# TASK STATEMENT:
Return every record below exactly; leave out the images.

---- RECORDS TO PROCESS

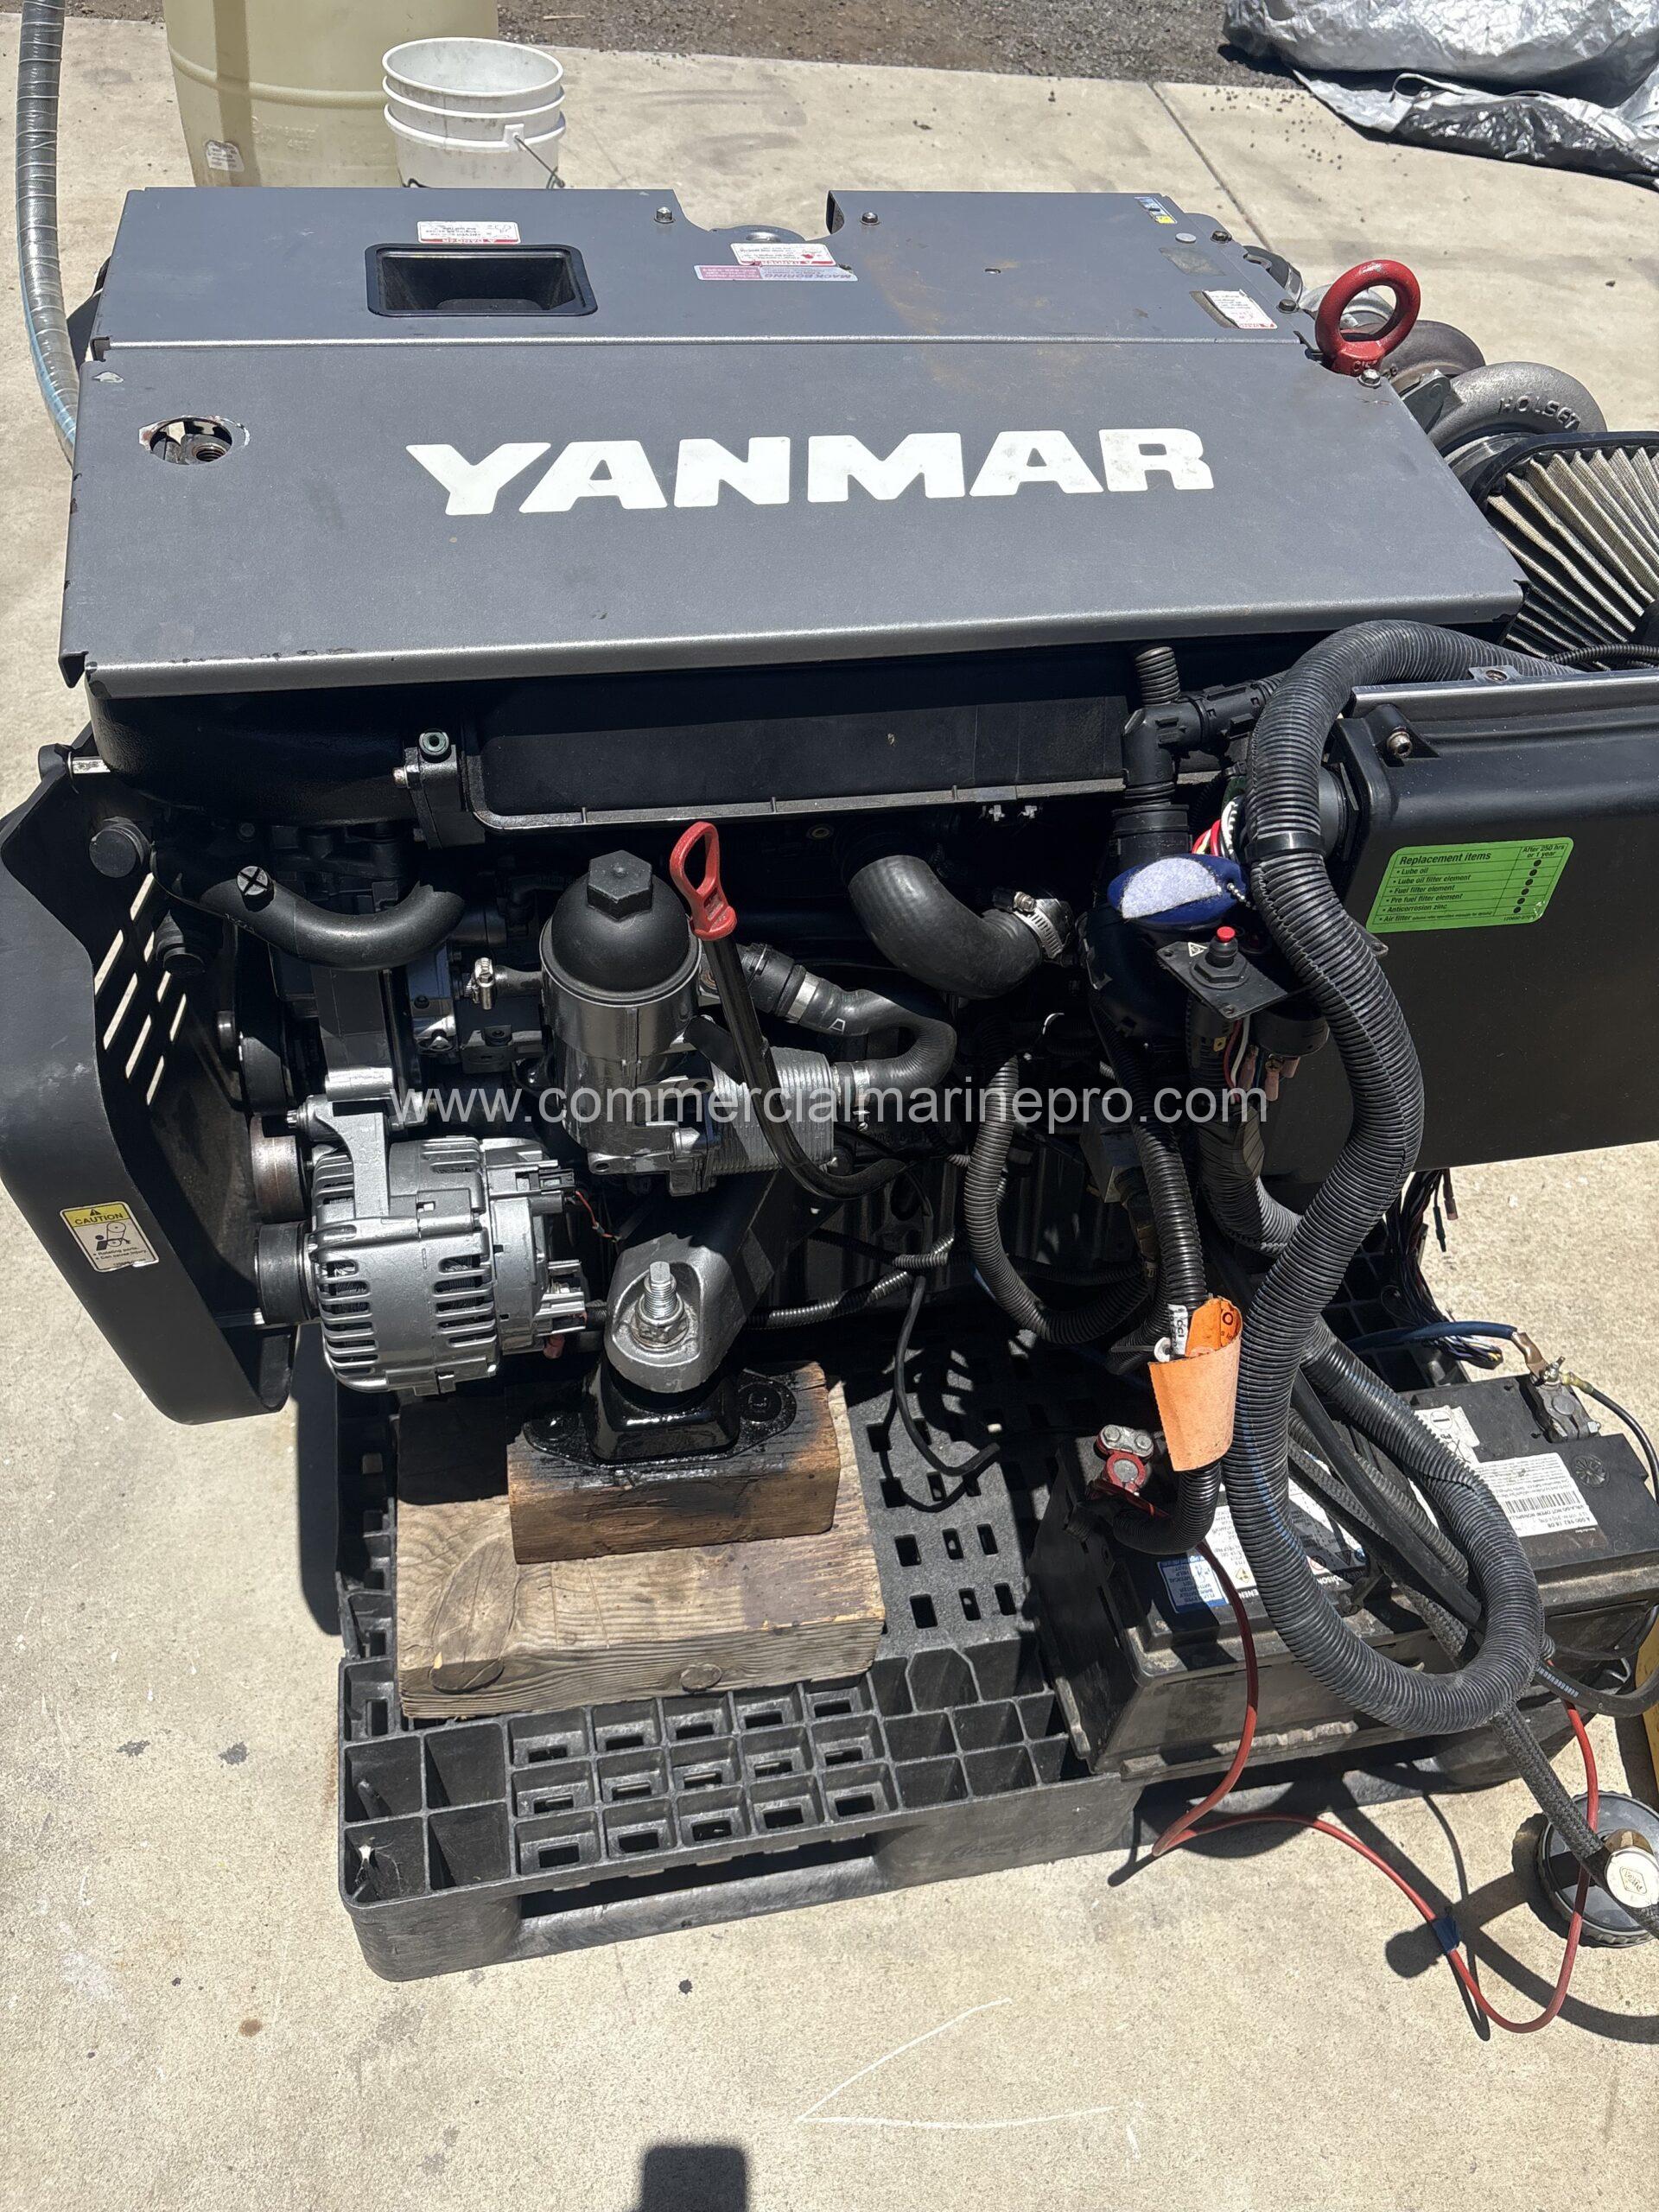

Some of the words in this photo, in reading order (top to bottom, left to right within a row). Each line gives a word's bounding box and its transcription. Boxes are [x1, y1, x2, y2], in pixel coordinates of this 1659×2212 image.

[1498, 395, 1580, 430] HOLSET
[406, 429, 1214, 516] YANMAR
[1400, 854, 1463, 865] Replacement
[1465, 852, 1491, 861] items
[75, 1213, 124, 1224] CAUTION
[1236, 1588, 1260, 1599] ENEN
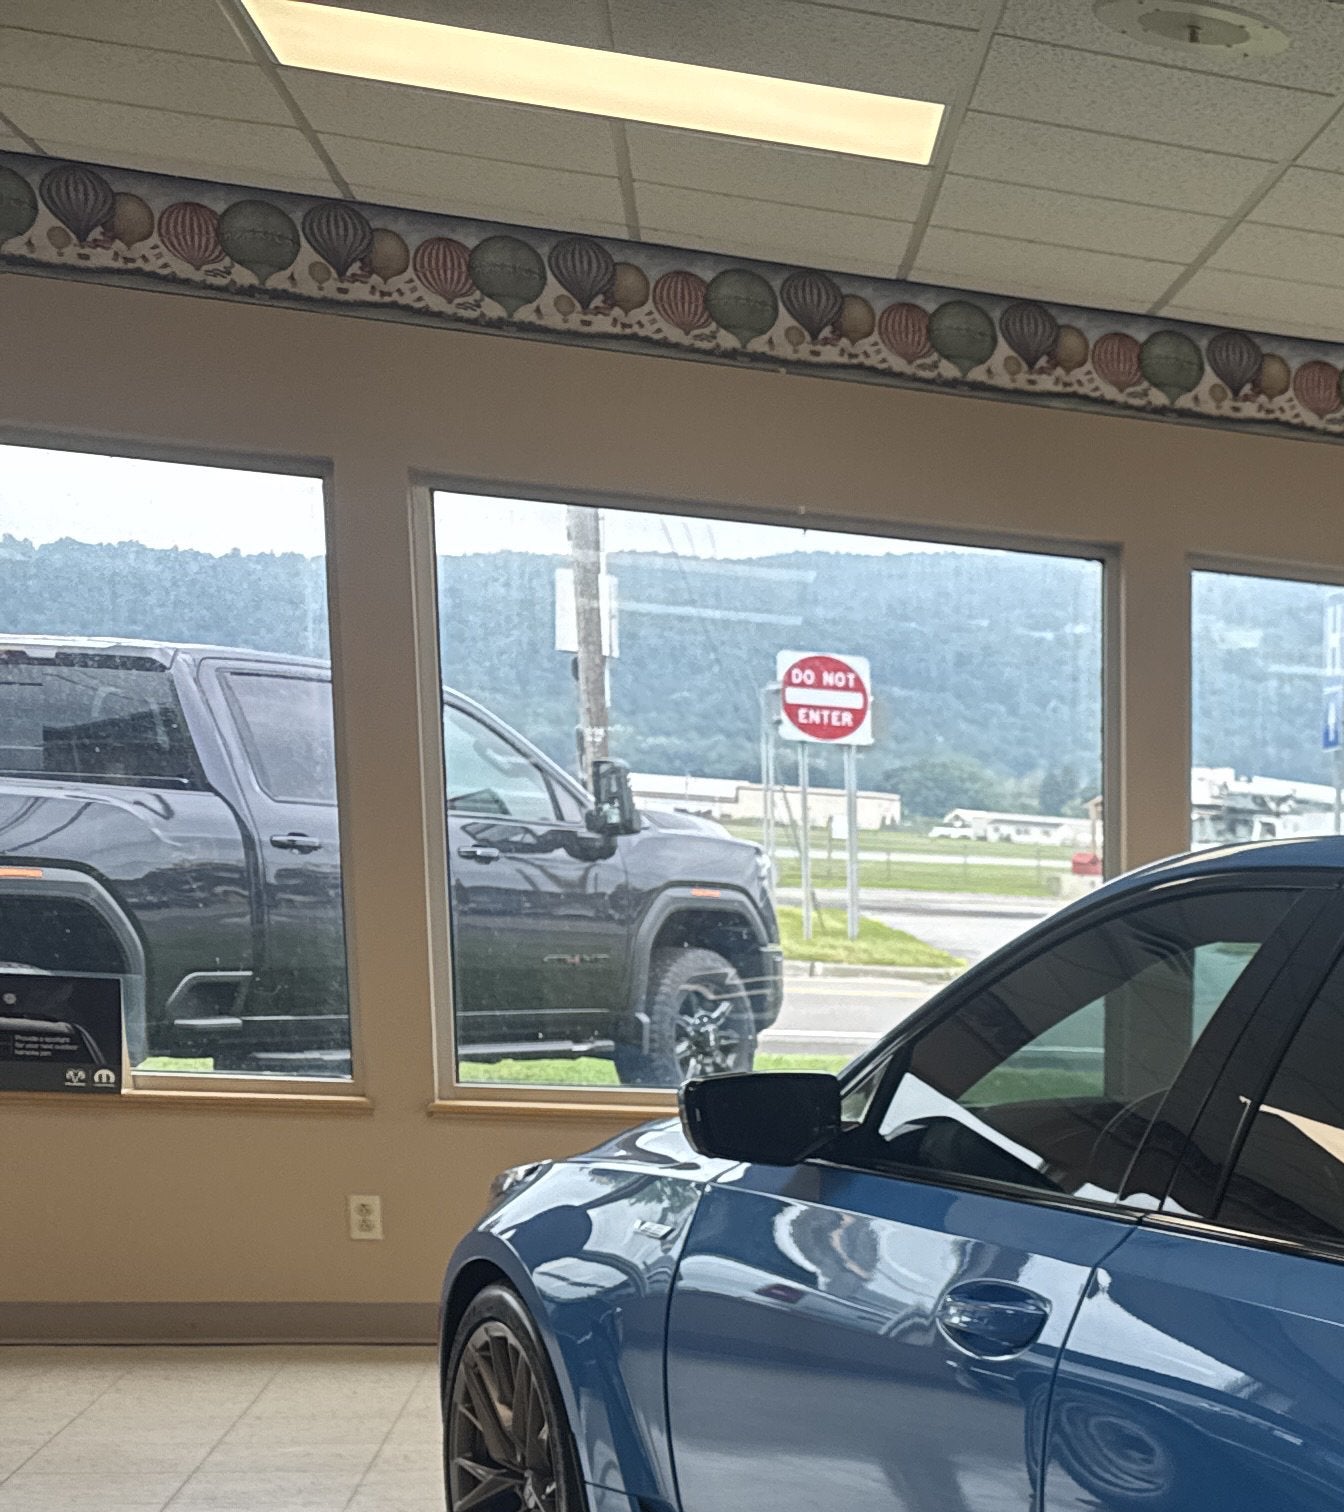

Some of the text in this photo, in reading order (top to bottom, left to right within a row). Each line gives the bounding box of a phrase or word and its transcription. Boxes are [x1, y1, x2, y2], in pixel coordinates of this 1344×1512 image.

--------

# RESPONSE:
Some of the words in this photo, in reading order (top to bottom, left to right within a row). Each line gives a word's bounding box and its transcription. Boxes are [x1, y1, x2, y2], in pixel coordinates of this 1659×2212 image.

[1498, 395, 1580, 430] HOLSET
[406, 429, 1214, 516] YANMAR
[1400, 854, 1463, 865] Replacement
[1465, 852, 1491, 861] items
[75, 1213, 124, 1224] CAUTION
[1236, 1588, 1260, 1599] ENEN

Some of the text in this photo, in reading order (top to bottom, left to right within a row). Each line gives the bounding box of a phrase or word and its transcription. Boxes are [x1, y1, x2, y2], in pixel coordinates of this 1344×1512 image.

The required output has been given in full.